**To do**
Reproduce exactly the lines from the line containing "this 1600×1600 image." through the last line of the listing, and no others.

┌──

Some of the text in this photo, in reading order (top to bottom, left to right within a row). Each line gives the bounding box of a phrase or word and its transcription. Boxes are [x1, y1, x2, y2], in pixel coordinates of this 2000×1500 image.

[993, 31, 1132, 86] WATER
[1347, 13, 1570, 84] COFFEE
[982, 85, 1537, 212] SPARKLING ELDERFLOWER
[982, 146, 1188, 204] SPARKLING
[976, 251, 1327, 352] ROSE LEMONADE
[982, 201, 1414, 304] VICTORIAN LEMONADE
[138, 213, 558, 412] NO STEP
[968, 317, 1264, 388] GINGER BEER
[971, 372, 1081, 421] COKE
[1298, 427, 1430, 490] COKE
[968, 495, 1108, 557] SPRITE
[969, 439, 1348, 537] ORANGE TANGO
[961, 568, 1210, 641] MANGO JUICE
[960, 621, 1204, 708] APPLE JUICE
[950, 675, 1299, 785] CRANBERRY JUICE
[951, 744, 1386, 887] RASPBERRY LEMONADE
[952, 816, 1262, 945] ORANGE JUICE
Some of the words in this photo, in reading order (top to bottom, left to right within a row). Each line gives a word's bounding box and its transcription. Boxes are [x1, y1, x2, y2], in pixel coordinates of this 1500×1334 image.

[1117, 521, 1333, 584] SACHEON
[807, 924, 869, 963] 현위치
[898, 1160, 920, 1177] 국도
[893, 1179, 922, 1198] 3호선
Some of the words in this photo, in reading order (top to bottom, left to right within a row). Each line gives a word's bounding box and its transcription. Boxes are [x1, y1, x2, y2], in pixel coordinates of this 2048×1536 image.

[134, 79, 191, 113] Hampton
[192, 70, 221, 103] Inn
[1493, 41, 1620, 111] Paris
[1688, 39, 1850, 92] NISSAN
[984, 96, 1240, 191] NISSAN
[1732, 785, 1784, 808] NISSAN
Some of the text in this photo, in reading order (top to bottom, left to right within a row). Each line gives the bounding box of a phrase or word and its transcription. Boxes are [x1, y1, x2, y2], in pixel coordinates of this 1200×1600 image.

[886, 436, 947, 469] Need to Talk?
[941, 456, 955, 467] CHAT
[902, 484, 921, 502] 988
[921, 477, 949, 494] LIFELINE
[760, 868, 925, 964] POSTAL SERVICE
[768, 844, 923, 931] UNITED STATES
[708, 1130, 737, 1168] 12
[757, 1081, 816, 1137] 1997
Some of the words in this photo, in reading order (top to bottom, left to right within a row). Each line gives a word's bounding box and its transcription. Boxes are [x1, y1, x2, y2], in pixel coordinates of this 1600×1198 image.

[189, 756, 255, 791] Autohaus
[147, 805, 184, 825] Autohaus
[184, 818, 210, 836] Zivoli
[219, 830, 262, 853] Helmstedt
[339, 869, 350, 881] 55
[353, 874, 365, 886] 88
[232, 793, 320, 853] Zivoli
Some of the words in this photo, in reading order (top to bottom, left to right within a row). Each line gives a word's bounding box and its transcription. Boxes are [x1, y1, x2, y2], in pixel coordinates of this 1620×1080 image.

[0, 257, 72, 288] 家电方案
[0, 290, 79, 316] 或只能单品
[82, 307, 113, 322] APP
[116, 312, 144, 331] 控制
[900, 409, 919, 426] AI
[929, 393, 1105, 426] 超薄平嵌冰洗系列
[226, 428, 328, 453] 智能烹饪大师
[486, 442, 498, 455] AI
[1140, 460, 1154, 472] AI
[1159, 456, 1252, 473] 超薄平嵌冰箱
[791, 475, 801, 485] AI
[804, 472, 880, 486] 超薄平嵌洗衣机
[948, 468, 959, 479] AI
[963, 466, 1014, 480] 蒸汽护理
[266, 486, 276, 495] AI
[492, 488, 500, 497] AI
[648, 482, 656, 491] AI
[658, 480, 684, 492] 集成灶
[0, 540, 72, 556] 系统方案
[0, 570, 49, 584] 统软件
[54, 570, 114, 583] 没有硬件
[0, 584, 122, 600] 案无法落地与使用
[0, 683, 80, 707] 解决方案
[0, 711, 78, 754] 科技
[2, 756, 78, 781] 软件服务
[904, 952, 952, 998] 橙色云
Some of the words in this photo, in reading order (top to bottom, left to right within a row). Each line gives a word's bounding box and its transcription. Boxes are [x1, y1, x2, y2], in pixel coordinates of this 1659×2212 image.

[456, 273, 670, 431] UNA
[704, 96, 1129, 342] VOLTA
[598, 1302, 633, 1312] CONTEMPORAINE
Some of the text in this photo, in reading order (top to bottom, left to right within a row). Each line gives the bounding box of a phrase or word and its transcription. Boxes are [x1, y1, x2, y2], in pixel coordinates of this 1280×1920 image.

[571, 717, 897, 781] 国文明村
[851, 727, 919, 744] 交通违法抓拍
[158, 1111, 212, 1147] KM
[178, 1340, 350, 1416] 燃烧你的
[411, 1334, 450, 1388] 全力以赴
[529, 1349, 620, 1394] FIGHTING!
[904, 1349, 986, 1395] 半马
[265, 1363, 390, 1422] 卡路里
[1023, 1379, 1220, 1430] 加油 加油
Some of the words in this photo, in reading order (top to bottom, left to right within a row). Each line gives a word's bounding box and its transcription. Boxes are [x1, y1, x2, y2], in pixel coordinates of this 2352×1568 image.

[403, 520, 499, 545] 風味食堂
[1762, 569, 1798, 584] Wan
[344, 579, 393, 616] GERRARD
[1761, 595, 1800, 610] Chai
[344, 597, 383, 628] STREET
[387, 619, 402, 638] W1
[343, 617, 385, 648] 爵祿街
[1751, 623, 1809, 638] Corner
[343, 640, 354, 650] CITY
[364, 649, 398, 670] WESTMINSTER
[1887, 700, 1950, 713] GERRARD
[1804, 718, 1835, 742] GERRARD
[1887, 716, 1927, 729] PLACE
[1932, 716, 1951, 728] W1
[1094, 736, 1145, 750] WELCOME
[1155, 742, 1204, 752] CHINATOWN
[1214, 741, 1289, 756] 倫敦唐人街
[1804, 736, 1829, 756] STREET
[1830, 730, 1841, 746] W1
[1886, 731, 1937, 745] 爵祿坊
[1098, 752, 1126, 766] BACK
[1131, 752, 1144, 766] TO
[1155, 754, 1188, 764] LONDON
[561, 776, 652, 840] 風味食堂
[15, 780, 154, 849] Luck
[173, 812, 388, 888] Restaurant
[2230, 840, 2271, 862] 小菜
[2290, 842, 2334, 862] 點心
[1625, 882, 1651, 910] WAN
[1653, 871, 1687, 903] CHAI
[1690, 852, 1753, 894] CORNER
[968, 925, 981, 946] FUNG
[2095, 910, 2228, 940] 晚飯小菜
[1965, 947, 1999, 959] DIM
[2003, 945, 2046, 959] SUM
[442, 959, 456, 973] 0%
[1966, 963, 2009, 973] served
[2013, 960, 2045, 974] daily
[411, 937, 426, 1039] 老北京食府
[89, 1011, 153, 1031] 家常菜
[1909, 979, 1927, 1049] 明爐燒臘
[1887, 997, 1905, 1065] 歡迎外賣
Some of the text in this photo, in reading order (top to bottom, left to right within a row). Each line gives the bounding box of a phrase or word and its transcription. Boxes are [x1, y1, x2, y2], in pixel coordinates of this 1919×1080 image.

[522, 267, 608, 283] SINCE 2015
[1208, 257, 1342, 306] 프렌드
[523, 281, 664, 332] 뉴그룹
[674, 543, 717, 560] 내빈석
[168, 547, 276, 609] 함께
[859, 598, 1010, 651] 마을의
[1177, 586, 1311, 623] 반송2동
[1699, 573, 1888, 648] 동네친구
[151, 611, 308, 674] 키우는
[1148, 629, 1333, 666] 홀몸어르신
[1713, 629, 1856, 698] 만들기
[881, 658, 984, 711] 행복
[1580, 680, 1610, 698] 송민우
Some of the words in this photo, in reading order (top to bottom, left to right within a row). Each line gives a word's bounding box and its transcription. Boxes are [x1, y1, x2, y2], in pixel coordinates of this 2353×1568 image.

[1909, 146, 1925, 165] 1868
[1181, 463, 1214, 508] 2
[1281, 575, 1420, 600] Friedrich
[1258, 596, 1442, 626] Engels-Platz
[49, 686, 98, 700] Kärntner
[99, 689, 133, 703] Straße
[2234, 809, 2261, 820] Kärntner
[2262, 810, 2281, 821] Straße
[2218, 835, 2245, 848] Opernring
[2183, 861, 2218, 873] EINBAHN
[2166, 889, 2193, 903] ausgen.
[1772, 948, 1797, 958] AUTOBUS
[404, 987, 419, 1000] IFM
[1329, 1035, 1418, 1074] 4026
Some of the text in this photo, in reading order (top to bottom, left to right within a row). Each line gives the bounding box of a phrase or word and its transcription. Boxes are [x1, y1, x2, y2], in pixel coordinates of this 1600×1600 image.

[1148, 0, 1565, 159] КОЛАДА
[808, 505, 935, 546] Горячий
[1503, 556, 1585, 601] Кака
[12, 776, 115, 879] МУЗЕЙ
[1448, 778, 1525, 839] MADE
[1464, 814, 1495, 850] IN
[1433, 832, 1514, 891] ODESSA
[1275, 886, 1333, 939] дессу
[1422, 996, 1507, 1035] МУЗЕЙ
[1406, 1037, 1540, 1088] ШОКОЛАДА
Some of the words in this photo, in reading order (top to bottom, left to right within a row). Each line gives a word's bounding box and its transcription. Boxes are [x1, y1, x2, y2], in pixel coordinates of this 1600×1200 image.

└──

**Expected answer**
Some of the text in this photo, in reading order (top to bottom, left to right within a row). Each line gives the bounding box of a phrase or word and its transcription. Boxes are [x1, y1, x2, y2], in pixel coordinates of this 1600×1600 image.

[1148, 0, 1565, 159] КОЛАДА
[808, 505, 935, 546] Горячий
[1503, 556, 1585, 601] Кака
[12, 776, 115, 879] МУЗЕЙ
[1448, 778, 1525, 839] MADE
[1464, 814, 1495, 850] IN
[1433, 832, 1514, 891] ODESSA
[1275, 886, 1333, 939] дессу
[1422, 996, 1507, 1035] МУЗЕЙ
[1406, 1037, 1540, 1088] ШОКОЛАДА
Some of the words in this photo, in reading order (top to bottom, left to right within a row). Each line gives a word's bounding box and its transcription. Boxes are [x1, y1, x2, y2], in pixel coordinates of this 1600×1200 image.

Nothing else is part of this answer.